政府、健保公庫の節減策を予告
仏政府は、健保公庫の支出抑制を目的とする一連の措置を7月23日に予告した。
政令案を数日中に提示し、2027年年頭からの施行を予定する。
まず、一連の医薬品や医療行為等に関する健保還付率の引き下げにより、12億ユーロ程度の節減を実現する。
薬効が低めであることを理由に、低めの健保還付率が適用されている医薬品について、還付率をさらに引き下げることが計画されており、製品により15%または30%という還付率が、5-15%に引き下げられる可能性があるという。
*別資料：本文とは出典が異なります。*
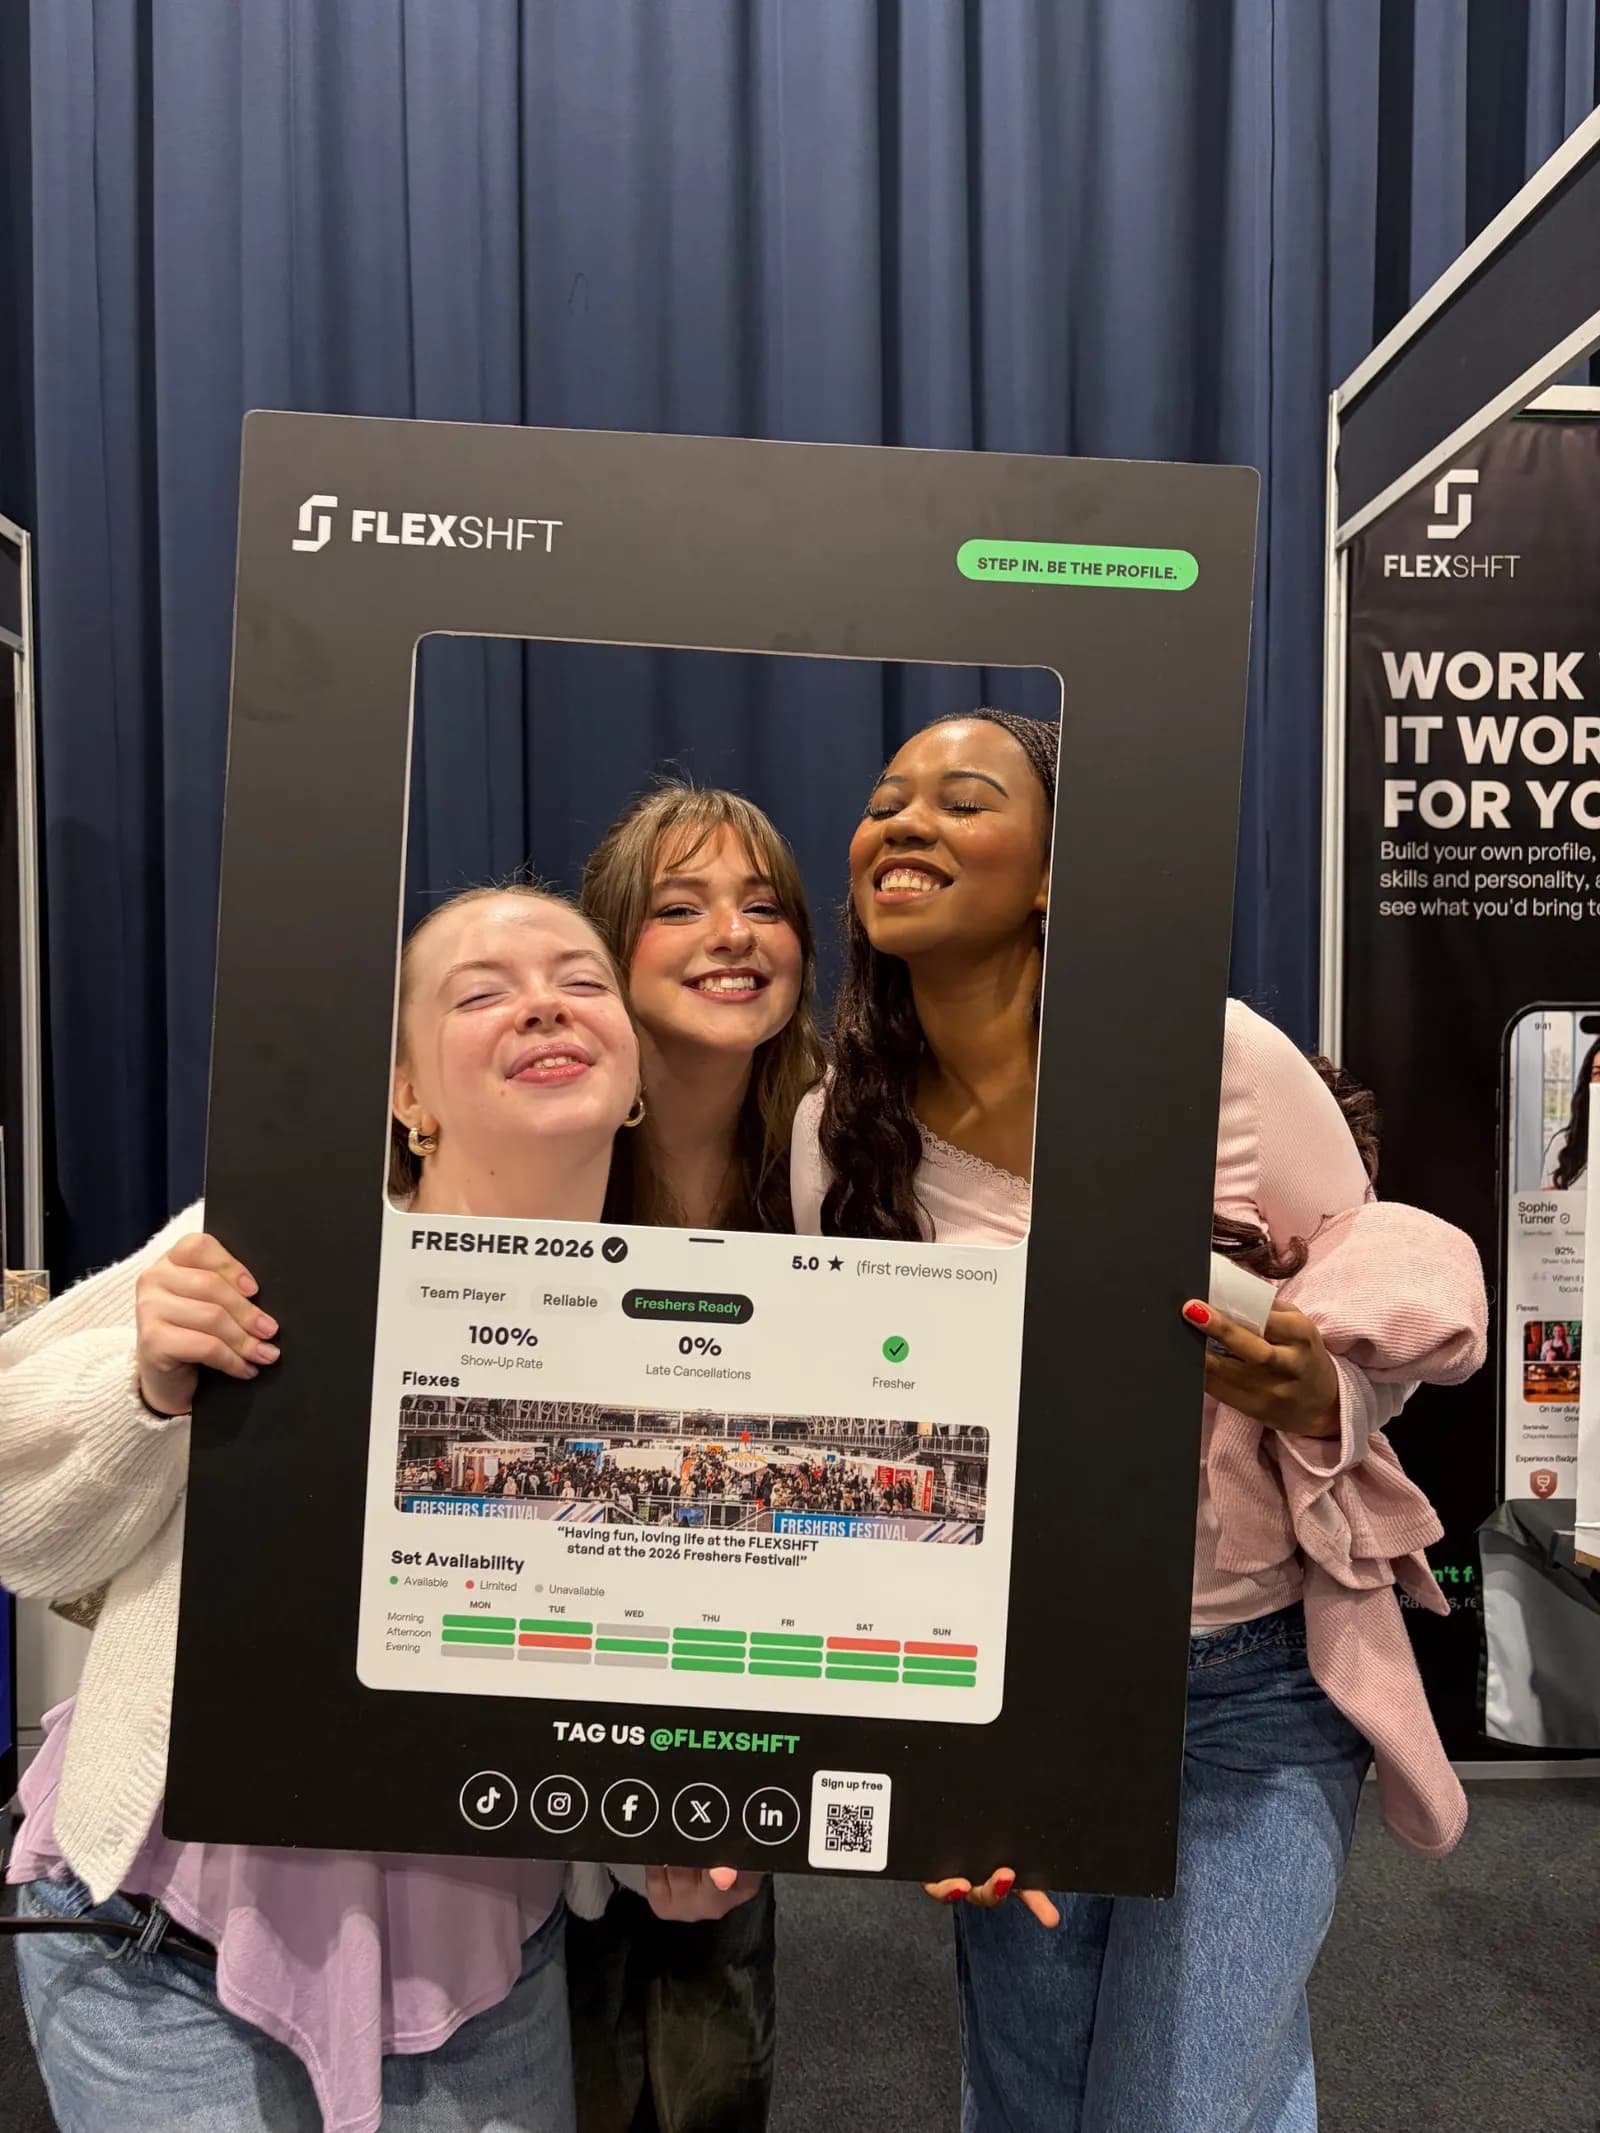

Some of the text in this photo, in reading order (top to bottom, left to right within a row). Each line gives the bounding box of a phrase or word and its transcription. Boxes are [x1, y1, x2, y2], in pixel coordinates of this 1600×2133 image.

[351, 509, 563, 553] FLEXSHFT
[977, 557, 1177, 579] STEP IN. BE THE PROFILE.
[1383, 554, 1520, 578] FLEXSHFT
[1382, 652, 1585, 700] WORK
[1384, 715, 1600, 765] IT WOR
[1383, 779, 1511, 830] FOR
[1380, 841, 1596, 864] Build your own profile,
[1380, 870, 1429, 888] skills
[1433, 870, 1469, 888] and
[1474, 870, 1590, 893] personality,
[1379, 900, 1416, 916] see
[1420, 898, 1469, 916] what
[1473, 898, 1527, 920] you'd
[1532, 898, 1583, 920] bring
[1518, 1201, 1558, 1214] Sophie
[1518, 1213, 1555, 1224] Turner
[411, 1230, 594, 1258] FRESHER 2026
[792, 1256, 998, 1285] 5.0 (first reviews soon)
[420, 1286, 506, 1303] Team Player
[543, 1294, 598, 1308] Reliable
[634, 1296, 742, 1316] Freshers Ready
[468, 1325, 538, 1347] 100%
[678, 1336, 722, 1357] 0%
[460, 1354, 543, 1370] Show-Up Rate
[402, 1371, 460, 1388] Flexes
[645, 1364, 751, 1380] Late Cancellations
[872, 1377, 916, 1390] Fresher
[413, 1500, 539, 1520] FRESHERS FESTIVAL
[780, 1518, 908, 1541] FRESHERS FESTIVAL
[613, 1529, 638, 1543] fun,
[641, 1531, 681, 1546] loving
[684, 1533, 704, 1545] life
[707, 1535, 721, 1547] at
[723, 1535, 746, 1548] the
[748, 1537, 819, 1552] FLEXSHFT
[391, 1550, 525, 1575] Set Availability
[567, 1544, 605, 1556] stand
[608, 1546, 621, 1557] at
[624, 1546, 646, 1558] the
[649, 1548, 681, 1560] 2026
[684, 1549, 742, 1564] Freshers
[404, 1576, 448, 1588] Available
[480, 1580, 517, 1592] Limited
[549, 1584, 605, 1597] Unavailable
[469, 1601, 491, 1609] MON
[548, 1605, 566, 1614] TUE
[624, 1609, 644, 1618] WED
[387, 1611, 425, 1624] Morning
[701, 1614, 720, 1623] THU
[781, 1618, 795, 1627] FRI
[386, 1626, 432, 1638] Afternoon
[856, 1623, 874, 1632] SAT
[932, 1628, 951, 1636] SUN
[386, 1642, 421, 1654] Evening
[552, 1721, 800, 1754] TAG US @FLEXSHFT
[821, 1777, 884, 1792] Sign up free
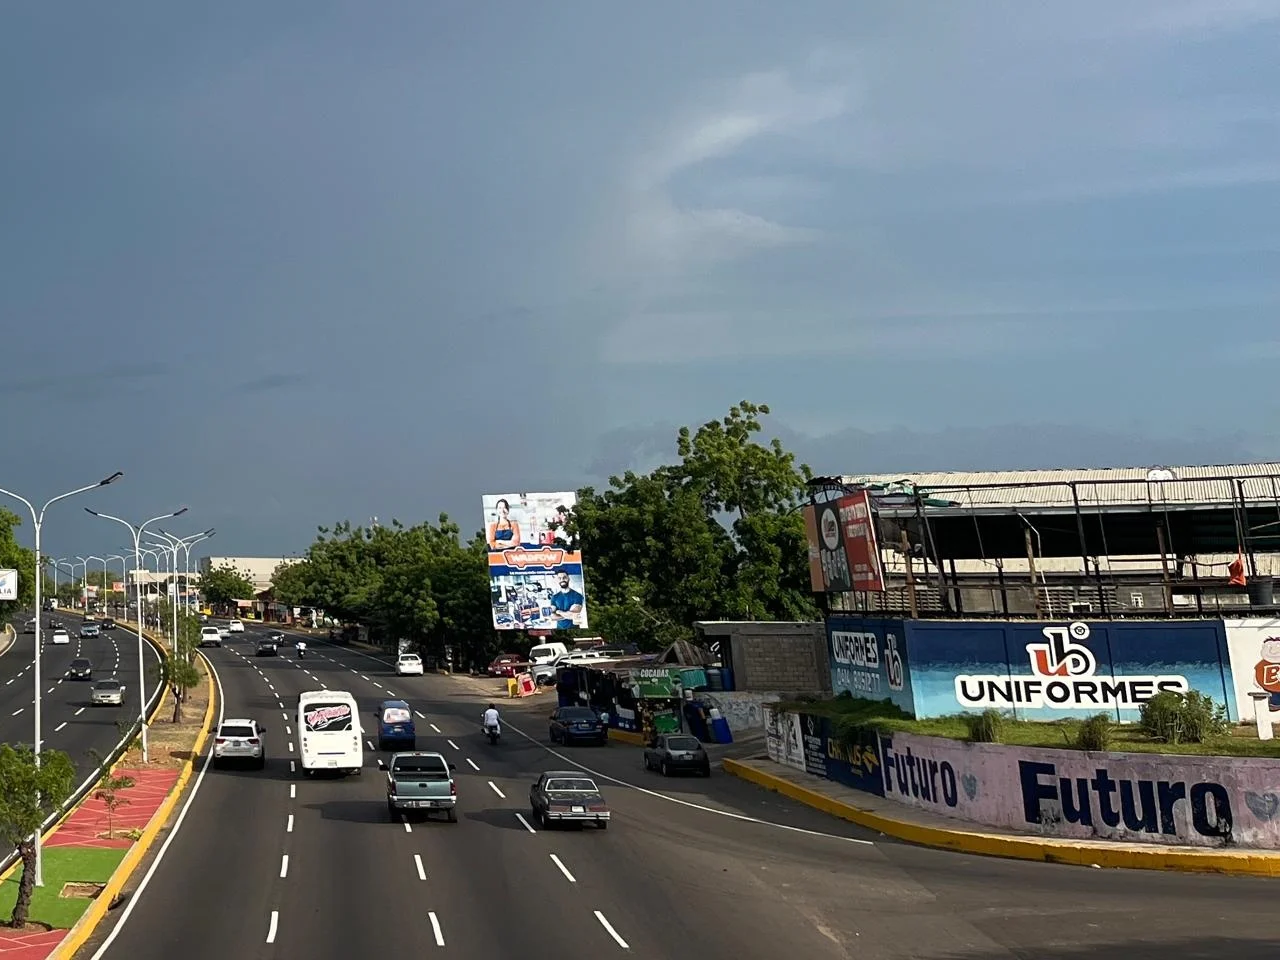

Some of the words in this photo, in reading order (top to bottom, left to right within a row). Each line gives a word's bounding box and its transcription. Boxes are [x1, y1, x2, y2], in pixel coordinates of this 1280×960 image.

[833, 634, 878, 664] UNIFORMES
[882, 739, 959, 808] Futuro
[1018, 759, 1234, 838] Futuro
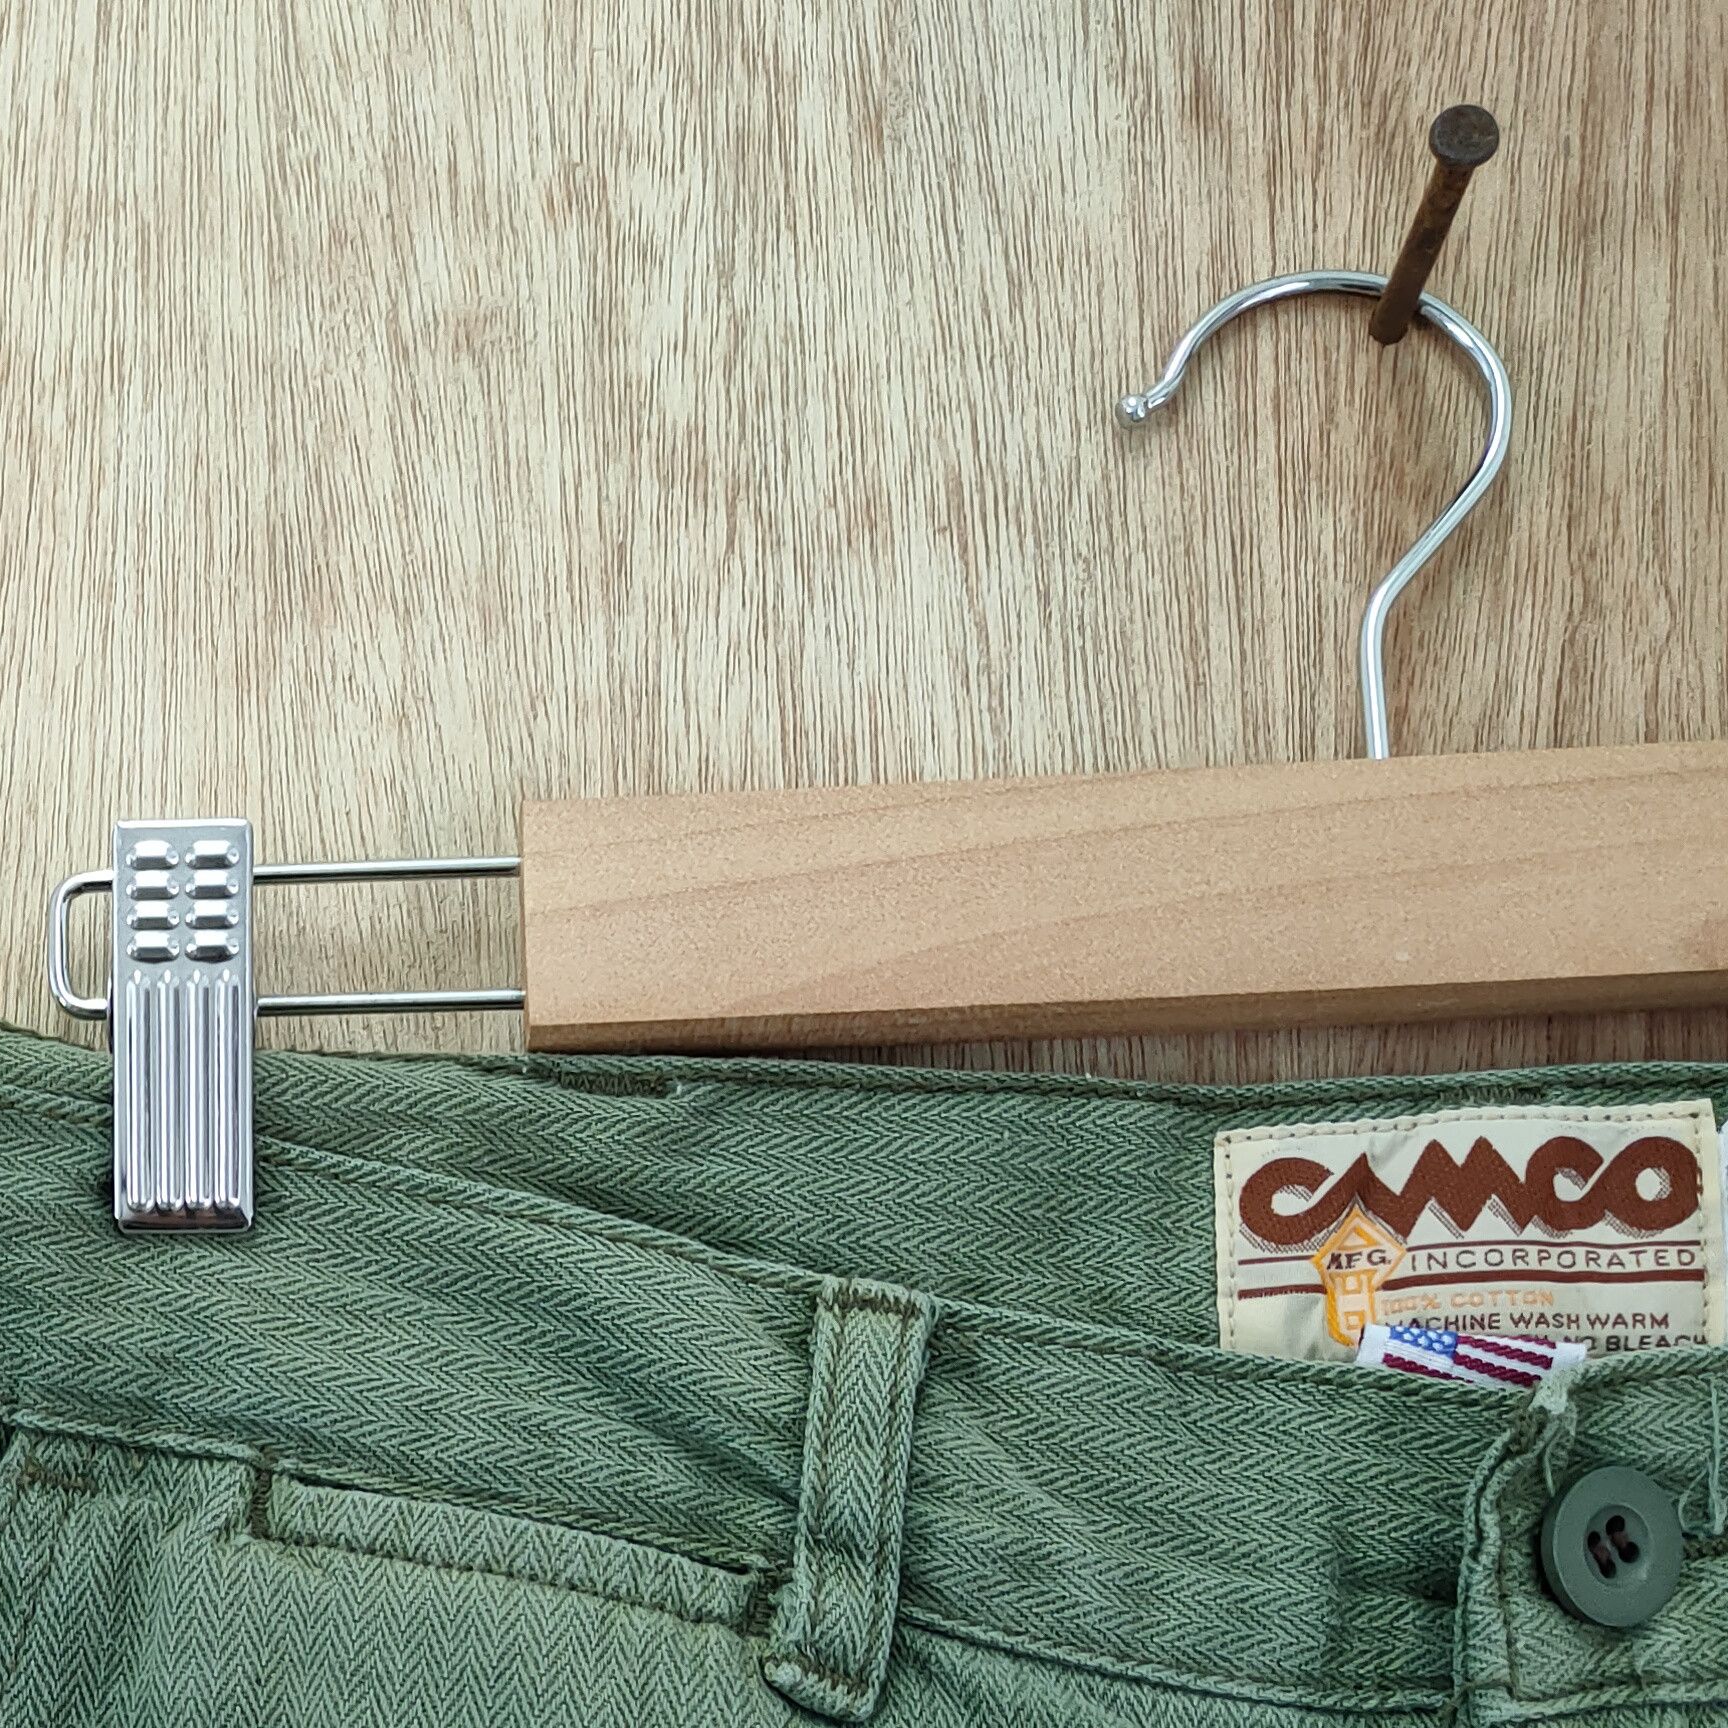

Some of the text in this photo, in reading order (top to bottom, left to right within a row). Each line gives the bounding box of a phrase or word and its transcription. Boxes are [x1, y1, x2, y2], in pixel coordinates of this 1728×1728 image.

[1239, 1135, 1699, 1248] CAMCO
[1410, 1247, 1697, 1272] INCORPORATED
[1382, 1288, 1554, 1316] 100% COTTON
[1384, 1311, 1670, 1333] ACHINE WASH WARM
歯科治療については、一部の治療行為の健保還付率を60%から50%へ引き下げる。
患者移送サービスに係る健保還付率も55%から50%へ引き下げられる。
健保の還付から外れた部分は、任意加入の補足健保がカバーすることになる。
任意加入ではあるが、国民の96%が被保険者となっており、政府としては、健保還付率の引き下げの影響が国民には見えにくくなることが期待できる。
ただ、補足健保業界が負担増に強く反発するのは必至で、補足健保保険料の引き上げという形で国民に負担が転嫁される可能性がある。
政府はこのほか、診療・医薬品の患者自己負担枠の引き上げも予告。
年間負担額の上限を、現在の2倍の100ユーロとして、年間7億5000万ユーロ程度の節減を実現する計画となっている。こちらは年内にも施行される見通し。
政府は、低所得者層などを適用外にする配慮も約束した。